** Opening Dataset excerpts block **

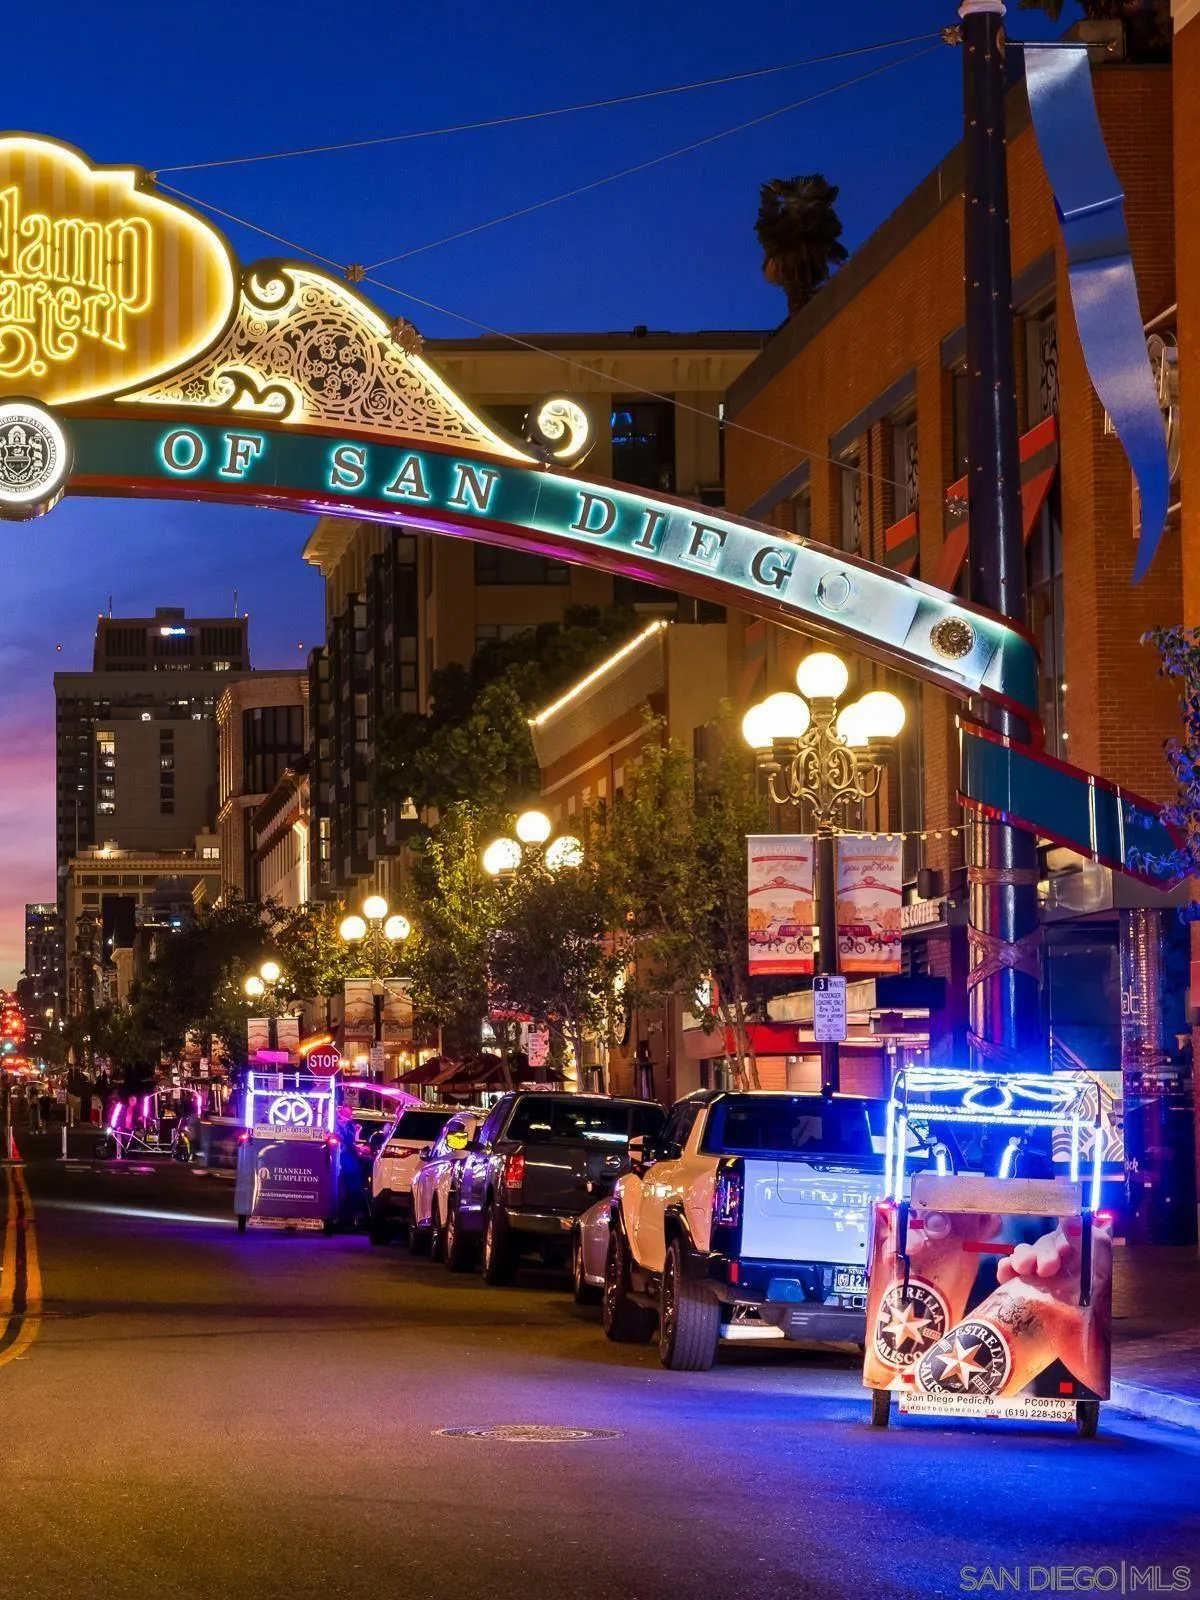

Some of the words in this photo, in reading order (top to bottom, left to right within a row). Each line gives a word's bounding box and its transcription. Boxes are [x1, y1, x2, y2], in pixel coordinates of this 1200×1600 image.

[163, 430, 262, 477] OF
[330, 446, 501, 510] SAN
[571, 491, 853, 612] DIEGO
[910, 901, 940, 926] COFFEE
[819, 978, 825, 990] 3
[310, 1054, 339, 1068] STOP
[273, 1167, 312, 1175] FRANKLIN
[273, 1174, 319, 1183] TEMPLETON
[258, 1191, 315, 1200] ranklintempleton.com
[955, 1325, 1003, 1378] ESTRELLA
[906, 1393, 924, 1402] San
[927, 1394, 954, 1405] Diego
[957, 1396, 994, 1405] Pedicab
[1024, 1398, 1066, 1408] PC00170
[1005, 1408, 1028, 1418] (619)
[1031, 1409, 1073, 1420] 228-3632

** Closing Dataset excerpts block **

Exercise requirements ->
Would you give the records again exactly, dropping the pictures?

Your solution ->
Some of the words in this photo, in reading order (top to bottom, left to right within a row). Each line gives a word's bounding box and its transcription. Boxes are [x1, y1, x2, y2], in pixel coordinates of this 1200×1600 image.

[163, 430, 262, 477] OF
[330, 446, 501, 510] SAN
[571, 491, 853, 612] DIEGO
[910, 901, 940, 926] COFFEE
[819, 978, 825, 990] 3
[310, 1054, 339, 1068] STOP
[273, 1167, 312, 1175] FRANKLIN
[273, 1174, 319, 1183] TEMPLETON
[258, 1191, 315, 1200] ranklintempleton.com
[955, 1325, 1003, 1378] ESTRELLA
[906, 1393, 924, 1402] San
[927, 1394, 954, 1405] Diego
[957, 1396, 994, 1405] Pedicab
[1024, 1398, 1066, 1408] PC00170
[1005, 1408, 1028, 1418] (619)
[1031, 1409, 1073, 1420] 228-3632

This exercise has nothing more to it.